Wednesday, February 08, 2017

Alan Watts Psychotherapy East and West

Alan Watts Psychotherapy East and West has been reissued now that it's 56 years old. In the preface he talks about all the places where he's compared the two (psychotherapy and Buddhism), lots of academic setting and with lots of people in the field--the only name I recognized was Karen Horney--and he does not wish to summarize other's work and whatnot.

Before I read the book I have many thoughts. I reflect back on all the various books I have read synthesizing the two, seeing what both can shed light on the other. I have No Boundaries on my book shelf to read, which seems to be yet another synthesis. I also want to read Mixing Minds. Watts mentions the Fromm and DT Suzuki discussions.

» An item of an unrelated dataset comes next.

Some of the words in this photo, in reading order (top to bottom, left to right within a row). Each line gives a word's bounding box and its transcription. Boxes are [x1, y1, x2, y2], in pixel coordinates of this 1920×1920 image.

I recently read a excerpt of Mary Pipher's Seeking Peace, where it seemed that meditation was the crucial event that got her to be mindful of how her past was present. I think of Marsha Linehan's integration of mindfulness into her DBT.

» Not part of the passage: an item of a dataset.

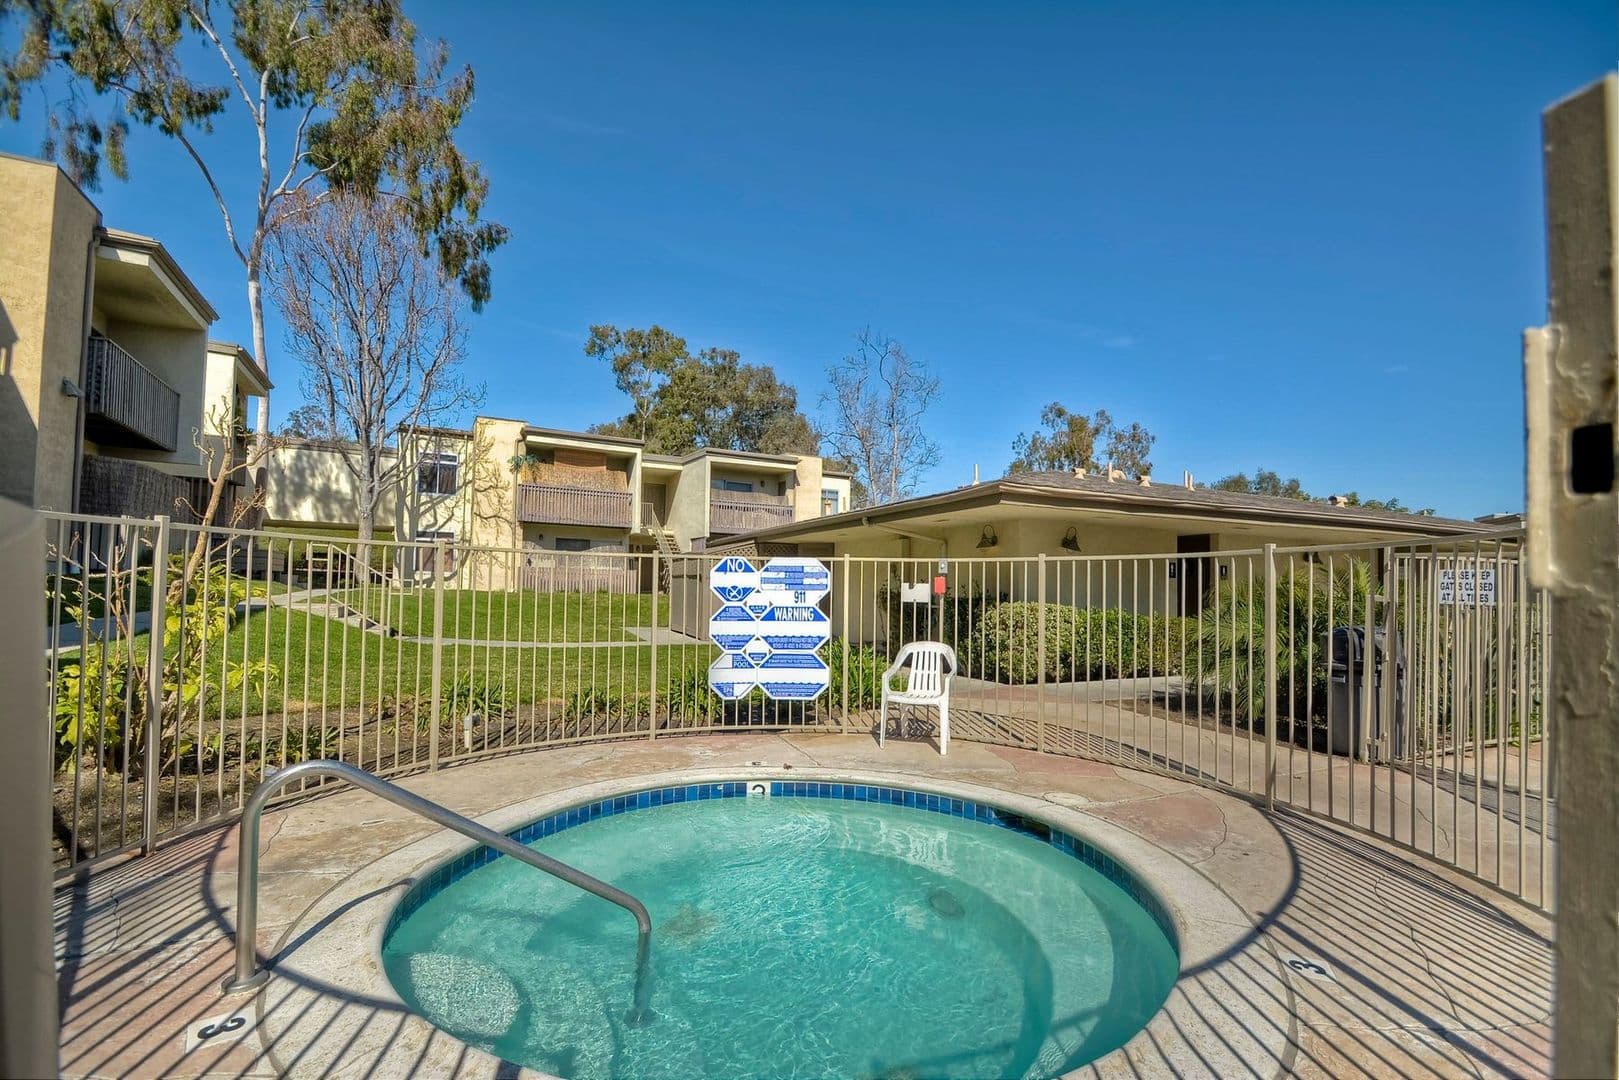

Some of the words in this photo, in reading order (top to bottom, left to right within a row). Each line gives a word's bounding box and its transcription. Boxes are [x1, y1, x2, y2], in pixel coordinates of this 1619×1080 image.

Undoubtedly Buddhism has impacted western psychotherapy and psychoanalysis. Now the other way around is more complicated. Freud's project was to turn people into ordinary unhappy people, which seems to stop rather abruptly. Recently I've been taking a positive psychology course on line. But of the ten positive emotions, metta, karuna, mudita and upekka are not mentioned. Instead we have: Joy, gratitude, serenity, interest, hope, pride, amusement, inspiriation, awe and love. In a way they very much overlap with universal lovingkindness, compassion, sympathetic joy and equanimity.

The usual cliche is that you have to love yourself before you can love others, but Mary Pipher seems to be a pretty good therapist with unexamined self loathing. The other cliche is "you have to be somebody before you can become nobody". I always think of the story of the guy who says I'm nobody, and then you walk up to them and kick them in the shins and they double over in pain. There you are.

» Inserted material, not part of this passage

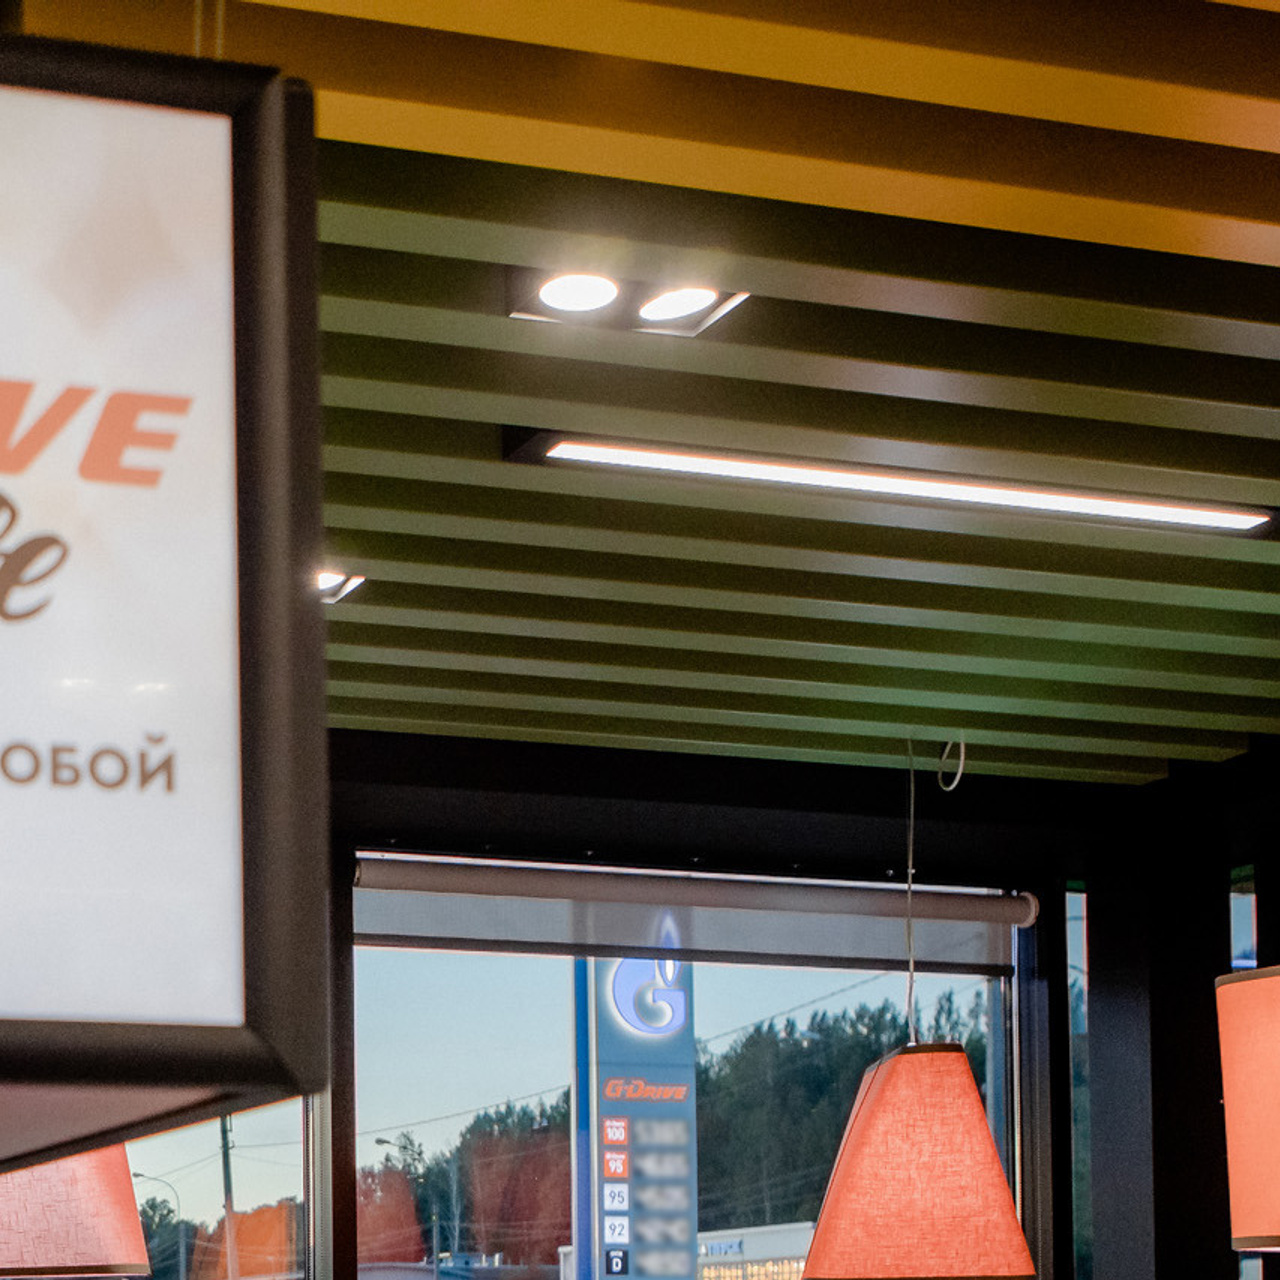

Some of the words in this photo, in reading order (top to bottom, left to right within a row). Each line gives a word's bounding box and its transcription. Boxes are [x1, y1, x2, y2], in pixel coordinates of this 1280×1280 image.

[606, 1127, 625, 1141] 100
[608, 1160, 624, 1174] 95
[609, 1190, 624, 1204] 95
[609, 1223, 625, 1237] 92

Faith and confidence in the path for me, means that regardless of the goal, the movement towards the goal is beneficial. Being more mindful and aware--how can you argue against that? In the Triratna Buddhist Community, at ordination, you accept "For the attainment of enlightenment I accept this ordination." My feeling is that if you're not going for enlightenment, now matter how far away, and no matter how vaguely understood, then you're missing a key ingredient. It's like drinking decaf coffee or non-alcoholic beer. What's the point? Now lots of people drink these things, so there must be a point, and some people will admit that they don't really know what enlightenment is, and therefore they can't really aim for a goal they don't understand. But the tradition has come down to us, is that it's important. I think the point is there are flashes, and then there are more frequent flashes, and then you might even feel like you've crossed a barrier, but in the tradition you don't brag about crossing the lines because you no longer exist, you feel the connection to everything, and therefore to say that you have attained something almost patently proves you haven't. And yet people do claim some attainments. I cannot judge however far David Smith (not the sculptor) or Daniel M. Ingram (not the composer) have gotten on the path, because I'm not even close to them. I've meditated with David Smith, and he seemed ahead of me on the journey, and I read his first book, which was interesting. Anywho, enlightenment is an orientation and intention for Buddhist so I keep it around and I'm curious about it. 

I do not know how advanced Alan Watts was as a practitioner, but a biography of him details his divorce due to infidelity, and his drinking problem. Like many people in early Buddhism, the fact that not much was know about it, left people eager to read anything about it. I wouldn't discount automatically his books because of infidelity and alcoholism. I feel like I got pretty far and saw a glimpse before I cracked up. So I'm going to read this book with an open mind and see what I can get out of it.